Analytical Methods. Chemical oxygen demand (CODMn),
biochemical oxygen demand (BOD), and dissolved organic
carbon (DOC) were analyzed according to standard methods
(19). The NH4+ and NO2- concentrations were colorimetrically
determined (19). The NO3- and SO42- concentrations were
determined using an ion chromatograph (HIC-6A; Shimadzu)
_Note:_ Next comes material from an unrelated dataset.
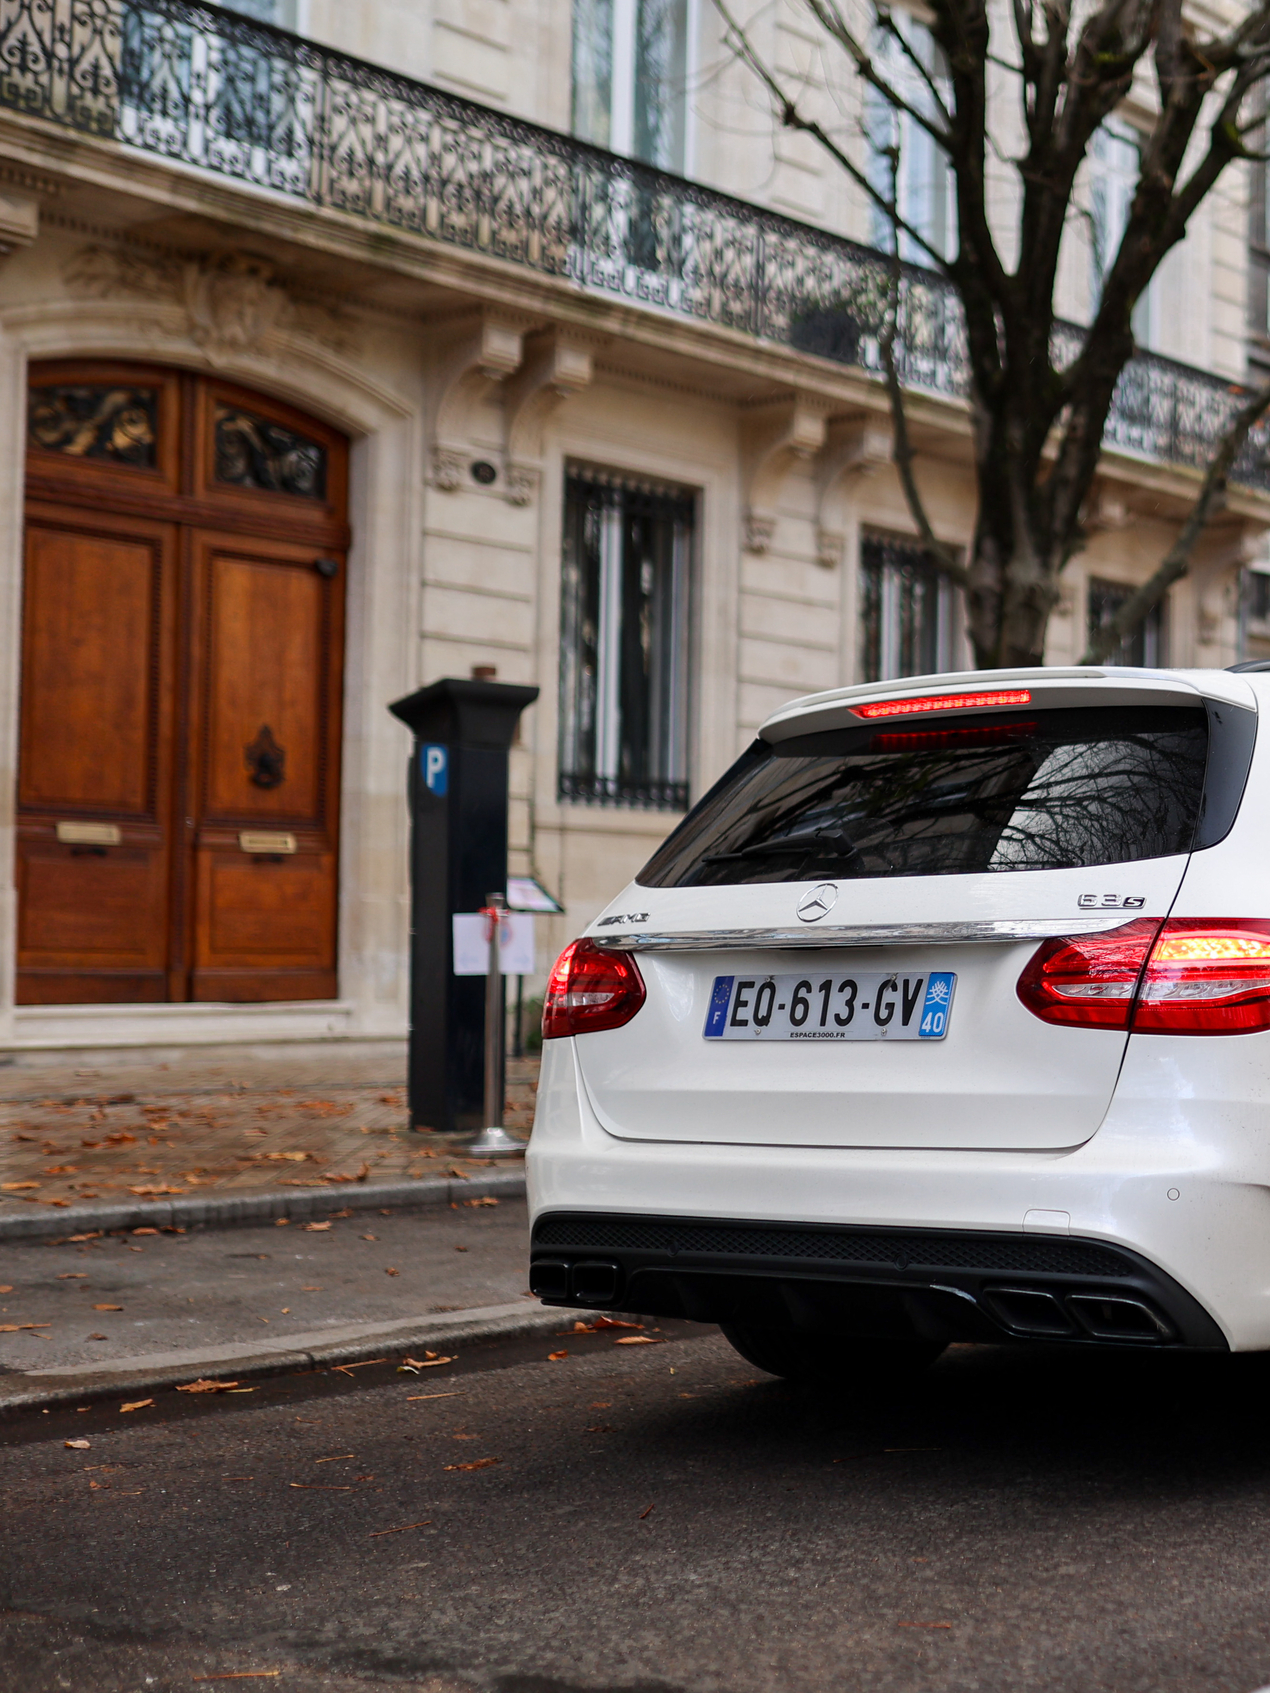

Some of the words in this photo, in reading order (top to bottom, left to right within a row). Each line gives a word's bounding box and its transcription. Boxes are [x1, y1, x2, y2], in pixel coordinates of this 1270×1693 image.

equipped with a Shim-pack IC-AI column. The samples for
NH4+, NO2-, NO3-, and SO42- were filtered through 0.2 µm
membrane filters before the analysis. Porosity and ignition
loss of the sediment was analyzed according to the protocol
described by Nakamura (4). Light intensity above the water
surface was measured by a quantum meter (Fujiwara
Scientific company, Japan). The O2 concentration and pH in
the surface water were directly determined using an O2 and
a pH electrode, respectively.
Nucleotide Sequence Accession Numbers. The GenBank/
EMBL/DDBJ accession numbers for the 16S rRNA gene
sequences of 24 clones used for the phylogenetic analysis
are AB239535 to AB239558.
Results and Discussion
Physical and Chemical Parameters of River Water. Physical
and chemical parameters (average values ( standard deviations) of river water and ignition losses of the sediments at
point 1, point 2, and point 3 are shown in Table 1. Inorganic
nitrogen compounds (NH4+, NO2-, and NO3-), DOC, COD,
and BOD concentrations at P2 were higher than those at P1.
This is because P2 received the effluent from a WWTP and
agricultural runoff. High SO42- concentration and salinity at
P3 can be explained by the fact that P3 was located in a tidal
area. The highest organic carbon (DOC and COD) concentrations at P3 were attributed to the discharges from the
factories of processed marine products located around the
river mouth and nutrient retention due to tides. Average
values of porosity and Ds for NH4+ in the P2 sediment were
lower than those in the P1 and P3 sediments (Table 1).
Community Structures of AOB. Two 16S rRNA gene clone
libraries were constructed from the sediment samples taken
from P2 and P3 to determine AOB community structures.
No chimeric sequence was observed in both clone libraries.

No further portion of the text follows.